- 556 Okunma
- 0 Yorum
- 2 Beğeni
Nefertiti Boynun Ağır
Şu an radyodan güzel bir çığlık açtım, onu dinliyorum. Dümdüz, soluksuz değildi, şarkının bir bölümüydü. Yerini ufak tınılara ve mırıldanmalara bıraktı. Demek ki dengeyi gözeten bir bestekârın elinden çıkmış. Bir başka anlatımla bir gün üzülürsen, ertesi gün gülersin felsefesinden yola çıkmış olmalı. Çığlık, mır mır, çığlık mır mır örüntüsü. Bravo, kendisi Fransız olmasa tebrik edecektim. Congratulations Mr. Nobody gibi. Dediğim gibi, no english. Felsefe demişken bir cümleye değer kattığı kadar soğukluğu getirdiği ister istemez bir mesafe yarattığına inanırım. Kolayca dillendirdiğine göre benim de kullanmamın göze batmayacağını düşünüyorum. Market zincirleri bile felsefelerinden bahsediyor. Sonra okullar, meslek kuruluşları, şirketler hepsinin maşallah temelden tümele felsefesi olgunlaşıyor.
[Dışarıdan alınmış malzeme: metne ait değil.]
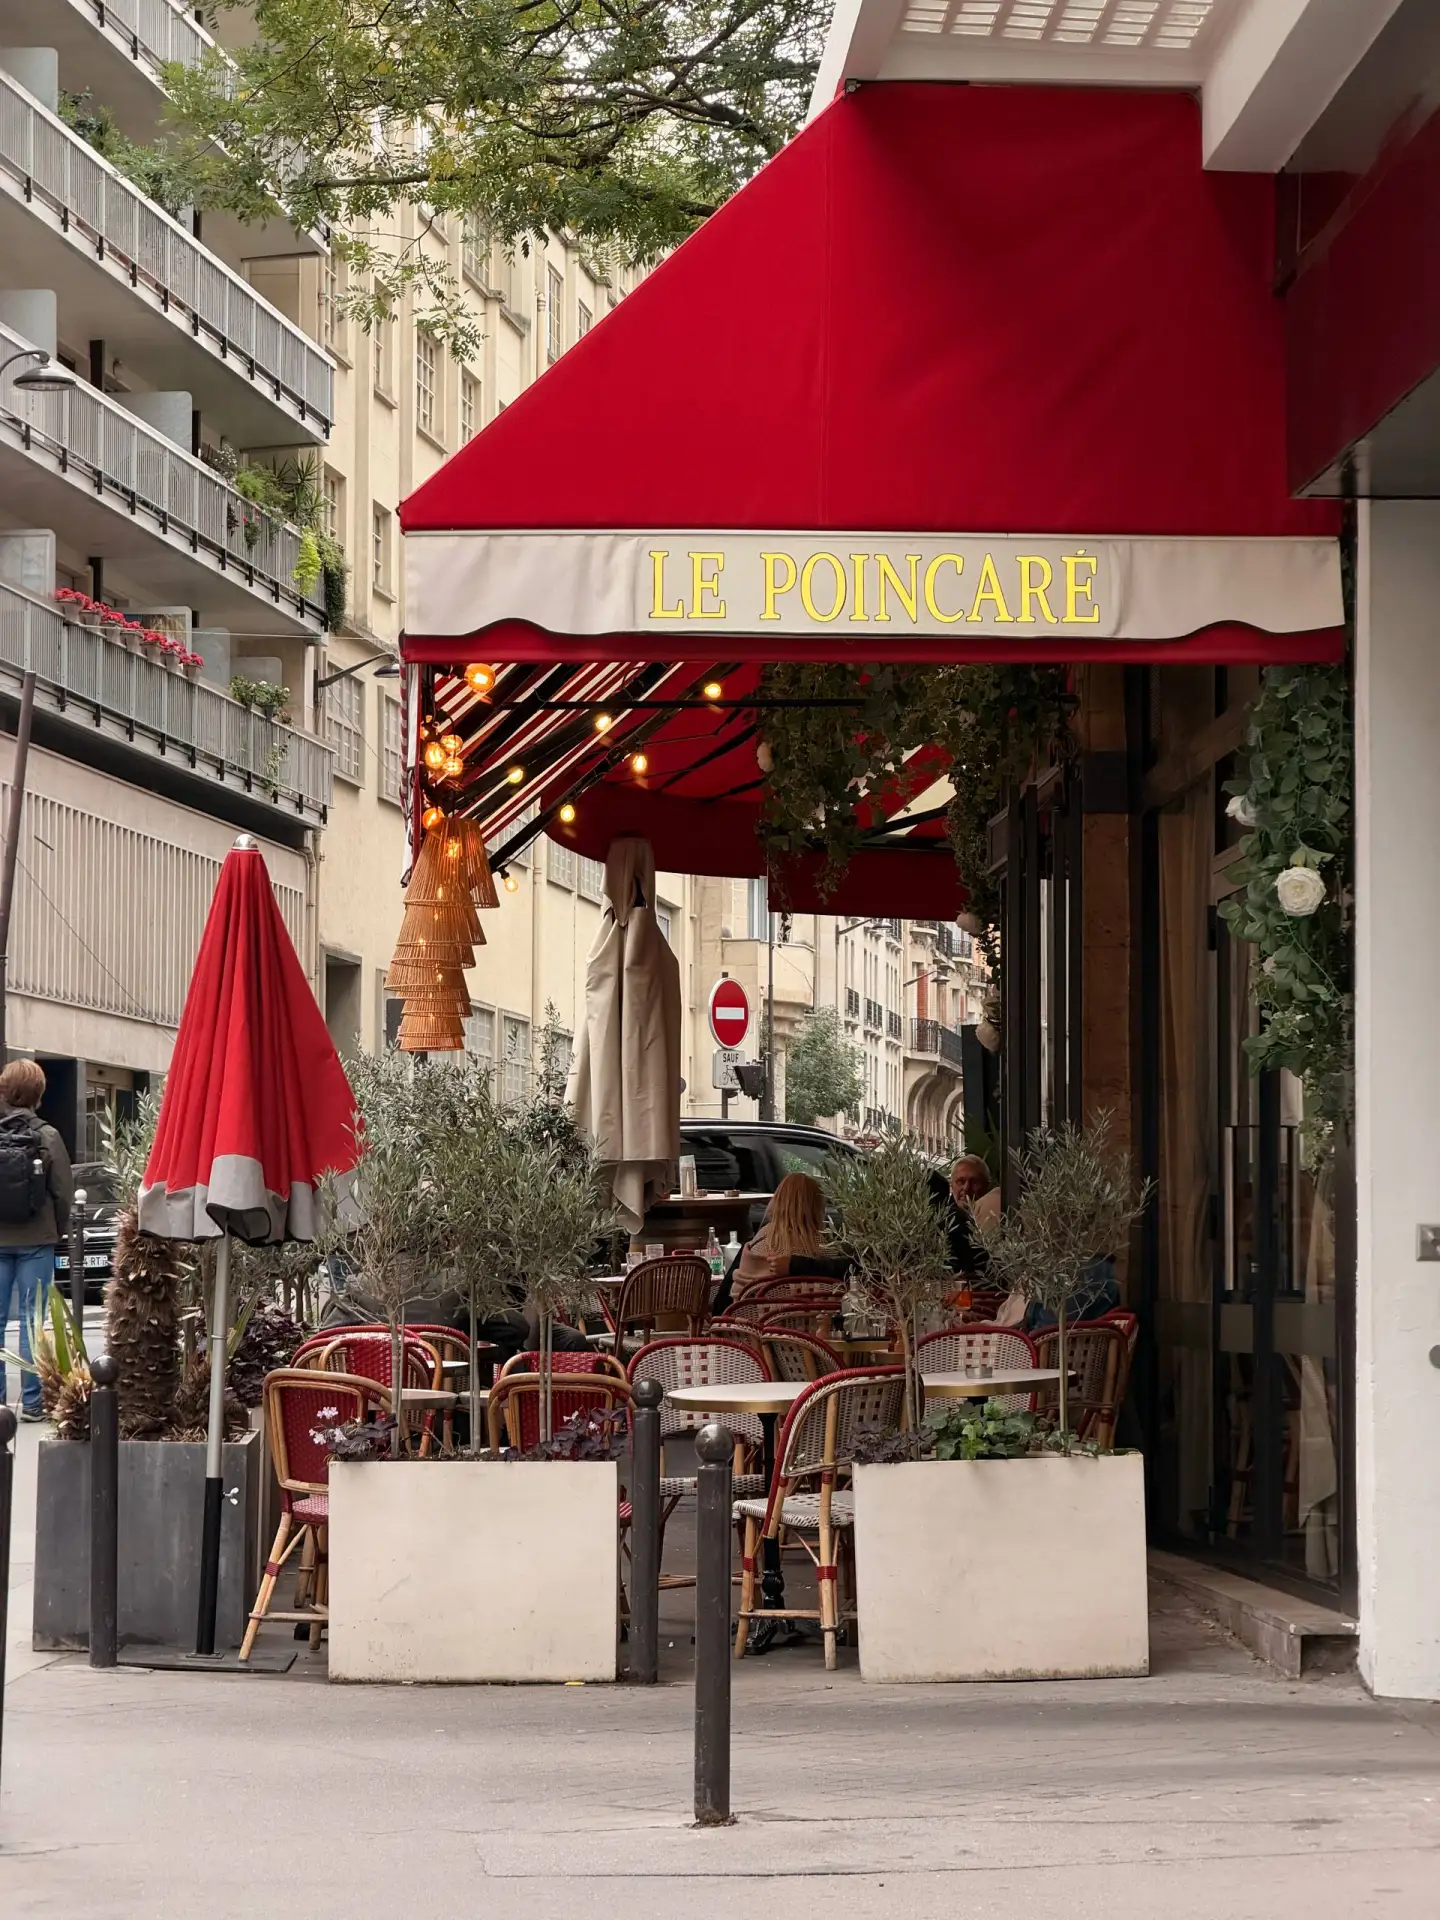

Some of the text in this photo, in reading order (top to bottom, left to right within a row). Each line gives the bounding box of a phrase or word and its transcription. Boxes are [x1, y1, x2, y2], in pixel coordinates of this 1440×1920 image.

[648, 549, 1101, 625] LE POINCARÉ
[722, 1052, 739, 1063] SAUF
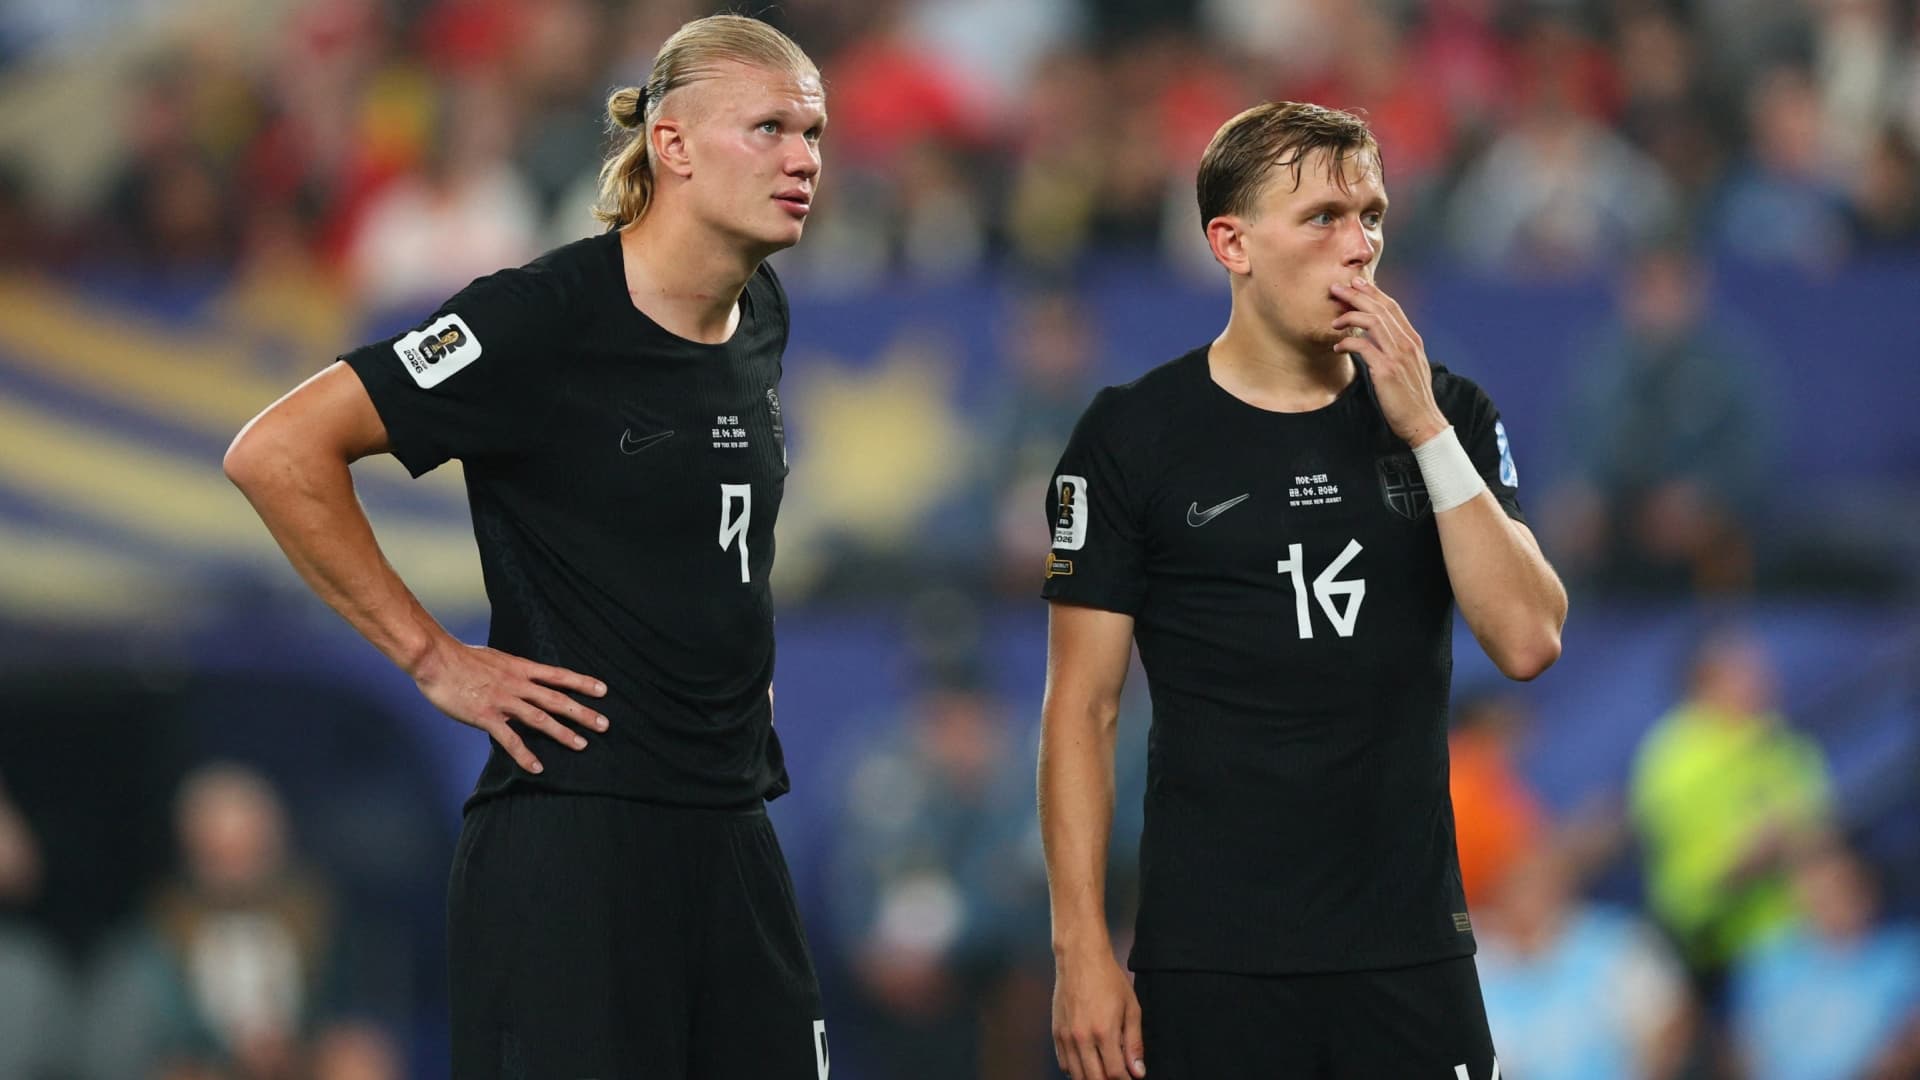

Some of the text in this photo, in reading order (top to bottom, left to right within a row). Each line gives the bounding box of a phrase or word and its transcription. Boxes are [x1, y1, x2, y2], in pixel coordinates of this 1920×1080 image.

[403, 350, 424, 374] 2026
[1289, 485, 1338, 497] 22.06.2026
[719, 483, 751, 583] 9
[1277, 538, 1366, 639] 16
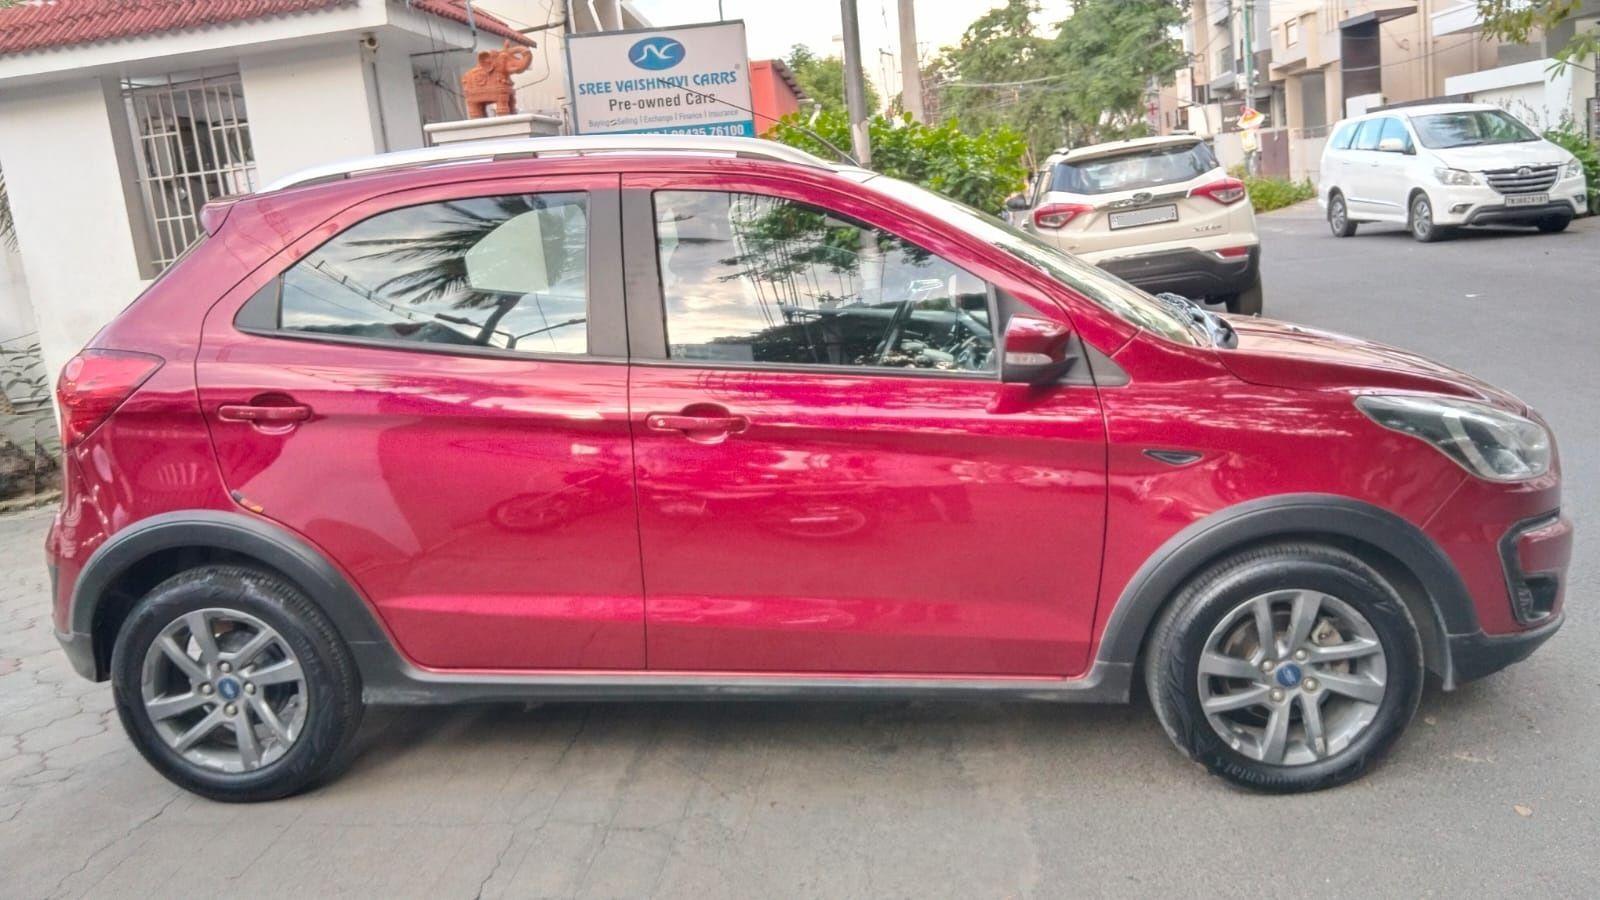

Diyelim marketinize bir ürünü ucuzken stokladınız, piyasa hali bu ya, yoksa herkes günahsız. Ürüne bir talep patlamasıdır, aldı başını gidiyor. İşte burada felsefesi olan bir market daima hazzı hedefleyen bir duruş ve argümanla hareket ederek hazzın kaynağı olan müşterilerini soyup, ardından soğanı koklatmalıdır ki en azından giderken uyanık olsunlar. İşte bu nesnenin yapılanması ve devinimine müthiş bir örnektir.
Bunları neden yazdığım konusunda fikrim yok. İkiyi bölünmüş bir soğan görüntüsü dışında bir kalıcılığı da yok. Yalnız bana bir dağ verin ömrümün sonuna kadar onu kazayım isterdim. Belki kral mezarıdır. Kemiklere saygı, tümülüse yağmur yağıyor. Beni üzerinden attı, yuvarlanıyorum. Kimseye yaranamadım. Onlar gibi ölümsüz olmaya çalışmadım. Oyunun kuralı, altın bir kemeri teraziye fırlatmaksa edinemedim. Arkeoloji magazininden esinlenerek; Nefertiti’nin kocasının ölümünden sonra kaybolmadığı söyleniyor. Büstü yapılırken ağırlık taktığı boynundan özür dilemiş. Aferin.
YORUMLAR
Henüz yorum yapılmamış.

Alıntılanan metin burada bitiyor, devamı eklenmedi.